Se con
Kit Craig e
Nick
Laessing Norma Mangione apriva delle
interpretazioni sull’attuale e possibile evoluzione della scultura,
con
Bernd Ribbeck e
Garth
Weiser la galleria sembra invece volgersi a riflessioni sul mezzo pittorico
e il suo dispiegarsi.
Con una
direzione sempre più chiara e determinata, la galleria diventa testimone e
portavoce di linguaggi e tendenze straniere che difficilmente troverebbero
altra presenza in sedi italiane. Molto lontana dalla cosiddetta "nuova scuola
torinese” - che in
Daniele Galliano,
Pierluigi Pusole, sino al più
giovane
Manuele Cerutti, individua
una sua precisa linea espressiva - la pittura di
Garth Weiser (Helena, Montana, 1979; vive a New York)

è a metà tra
l’evoluzione grafica e il design modernista. Le opere, pur consapevoli della
propria collocazione nel tempo, ripercorrono le prime storiche campagne
pubblicitarie, sia con influenze pop che neo-costruttiviste.
I primi
lavori dell’artista americano si pongono come la traduzione in scala
monumentale di nature morte, il cui volume, definito da contorni netti,
costituisce l’elemento formale di collegamento con la tradizione modernista.

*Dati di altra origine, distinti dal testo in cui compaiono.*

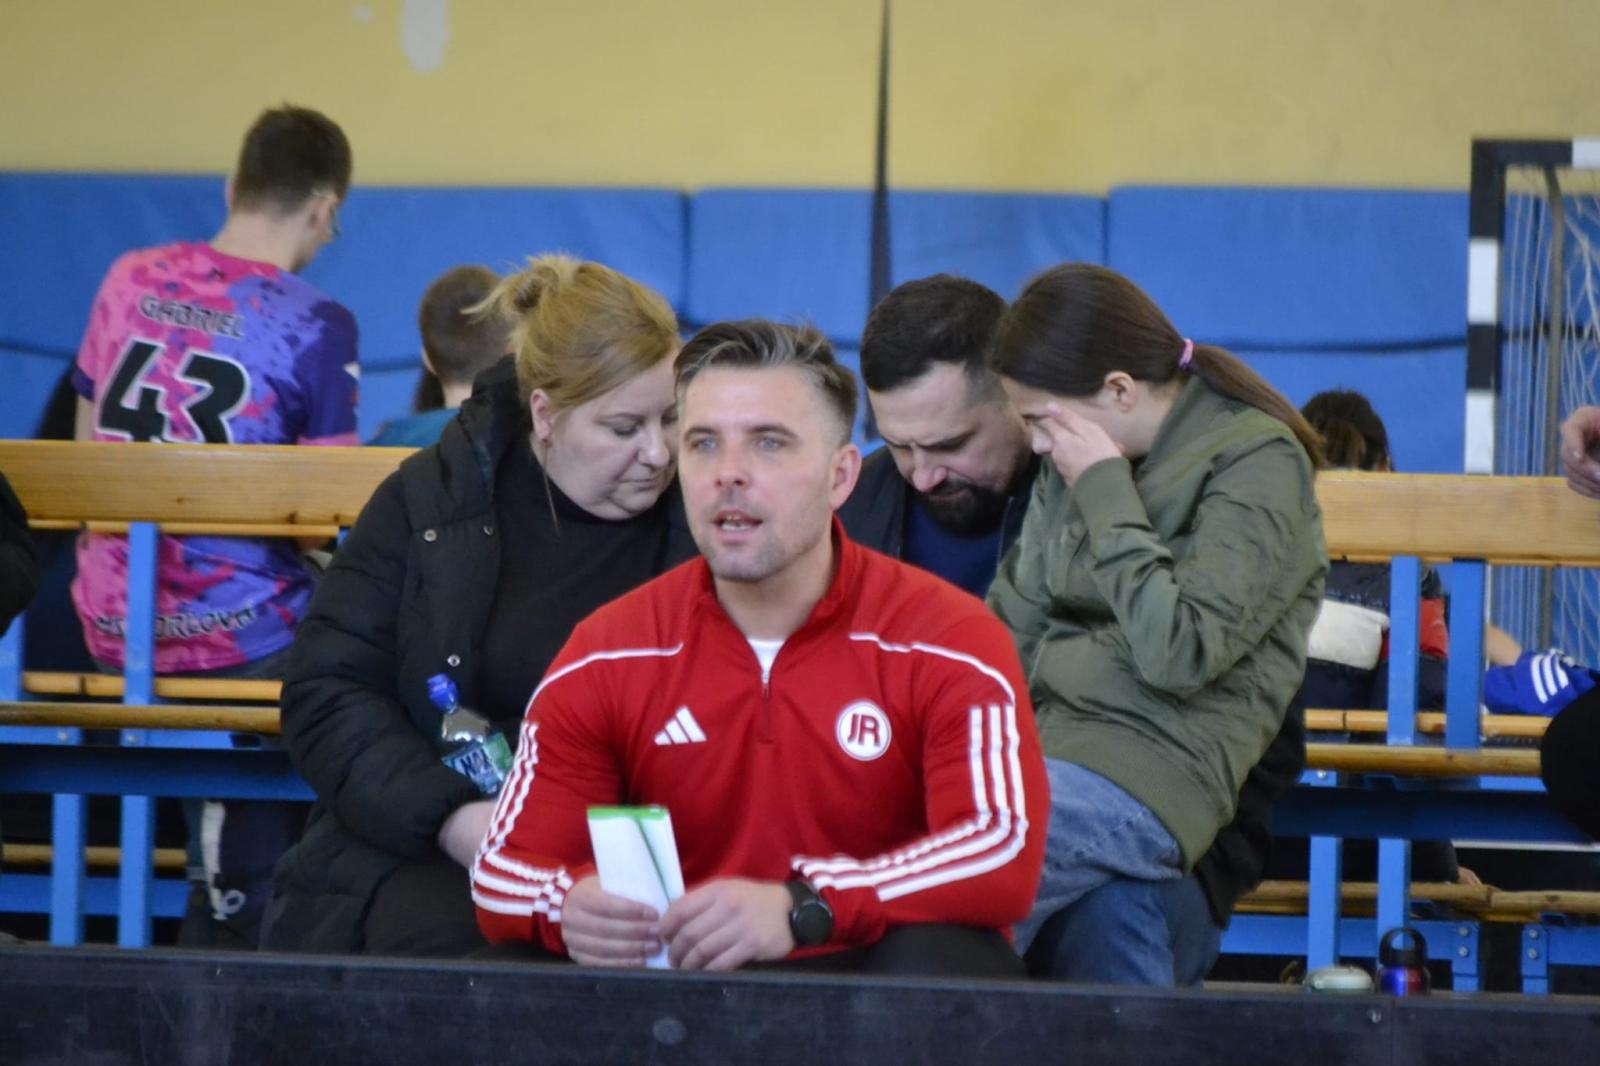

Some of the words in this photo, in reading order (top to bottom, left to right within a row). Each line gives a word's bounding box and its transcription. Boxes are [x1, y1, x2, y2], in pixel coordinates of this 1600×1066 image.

[140, 296, 243, 338] GABRIEL
[97, 337, 250, 443] 43
[847, 713, 881, 747] JR
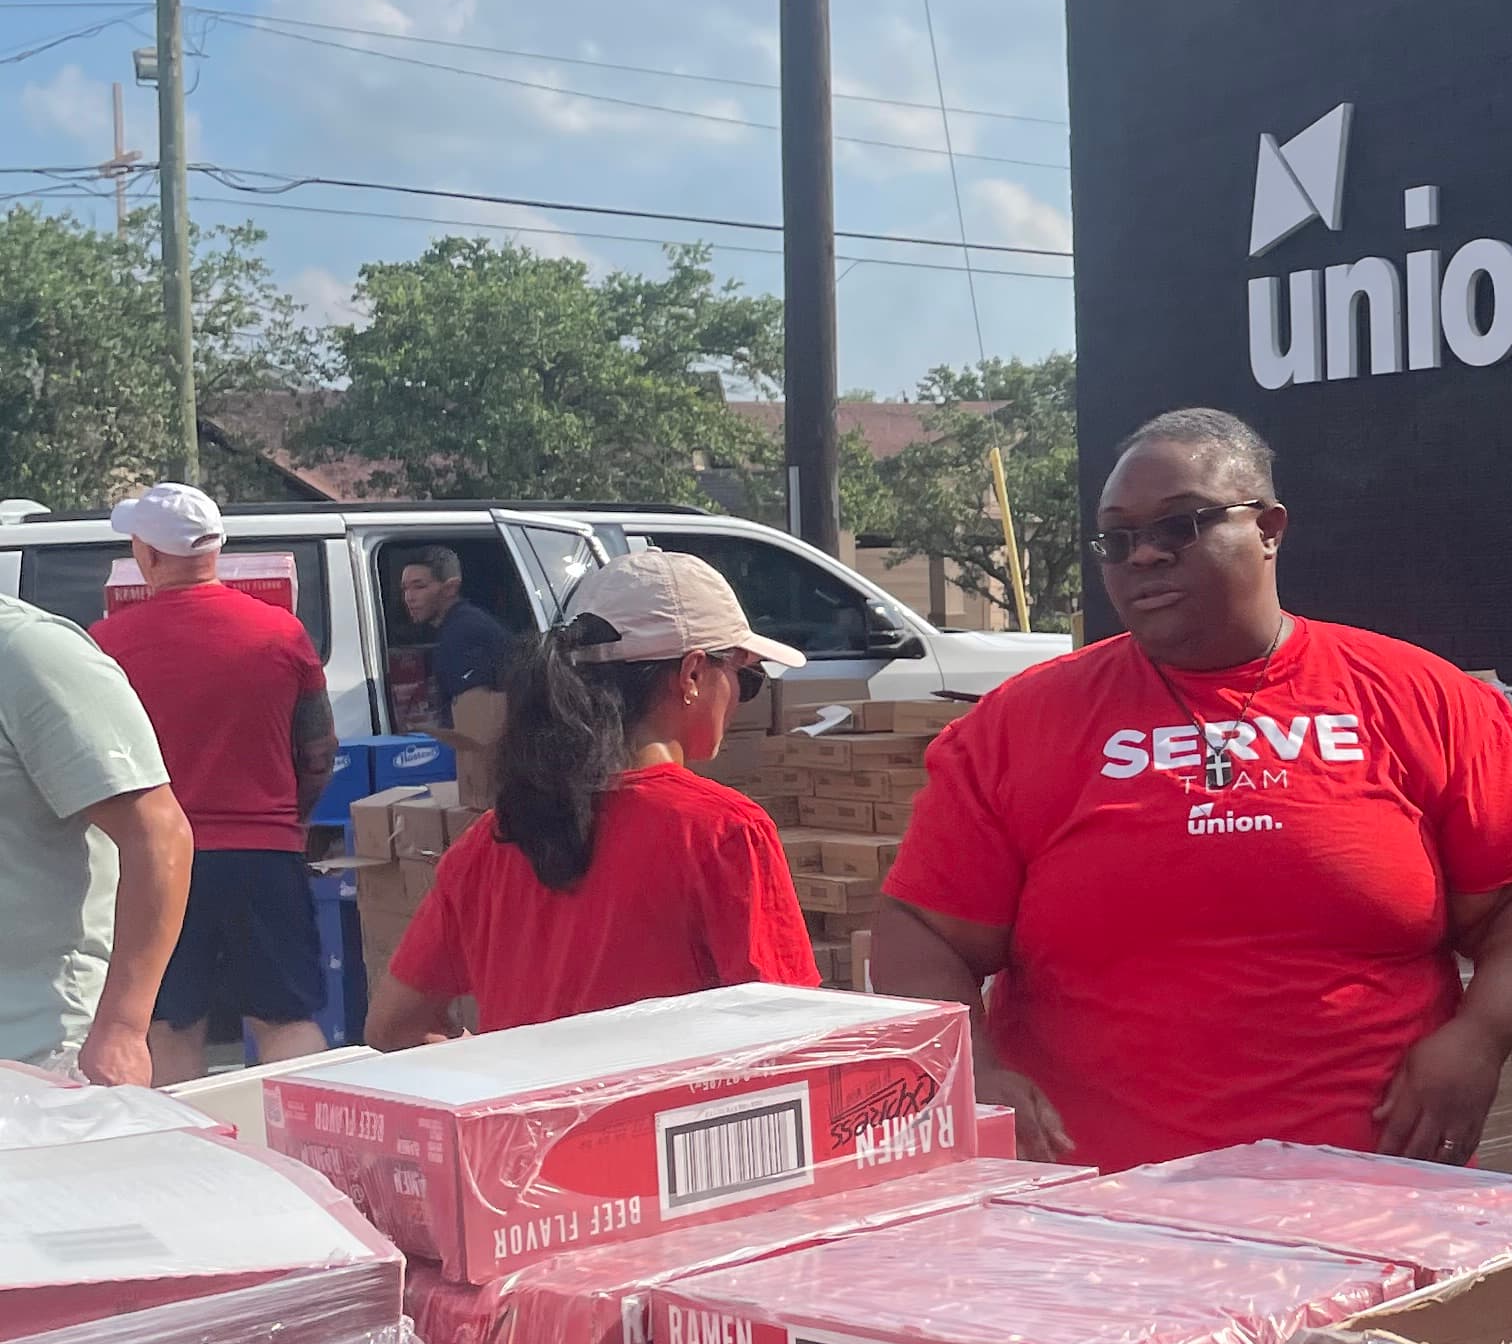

Nelle opere più recenti, invece, si manifesta l’esplorazione di materiali e
superfici che coniugano gesto e pensiero. Verso un’effettiva oggettualizzazione
del dipinto, che non è più limite spaziale e finestra sul mondo, ma frammento
di mondo esso stesso.
Rivisitando
la scultura di
Jasper Johns, le
pitture di Weiser uniscono logotipi tecnologici come il Beta della Sony,
creando una sorta di nostalgia che, tipica del postmoderno, si esprime
attraverso il frammento e la citazione. Negli acrilici su tela, caratterizzati
da un uso predominante del rosso, cerchi-oblò di egual misura contengono
inserti di pittura espressionista - riconducibili inevitabilmente a
Pollock - e ritagli dal tono optical.
In altre tele, gli schemi in bianco e nero - dipinti o plasmati con foglie di
rame e argento - costituiscono la "maschera” di una trama predeterminata, o di
una fotografia su cui l’artista interviene sovrapponendo piani stilisticamente
diversi.

Ben
informato sulla storia dell’arte, ma forse non ancora così padrone da sapersene
affrancare, Weiser crea un mix di esperienze del passato in opere certamente
calibrate e controllate, ma dal risultato prevedibile. Occultando al tempo
stesso la gestualità e dunque la presenza "segnica” e irripetibile dell’autore.
Nessuno stupore, quindi, come contemporaneamente non si legge alcuna novità
rispetto alle urgenze che una lingua stantia - come la pittura purtroppo appare
oggi - potrebbe contrariamente generare nella necessità di farsi sentire.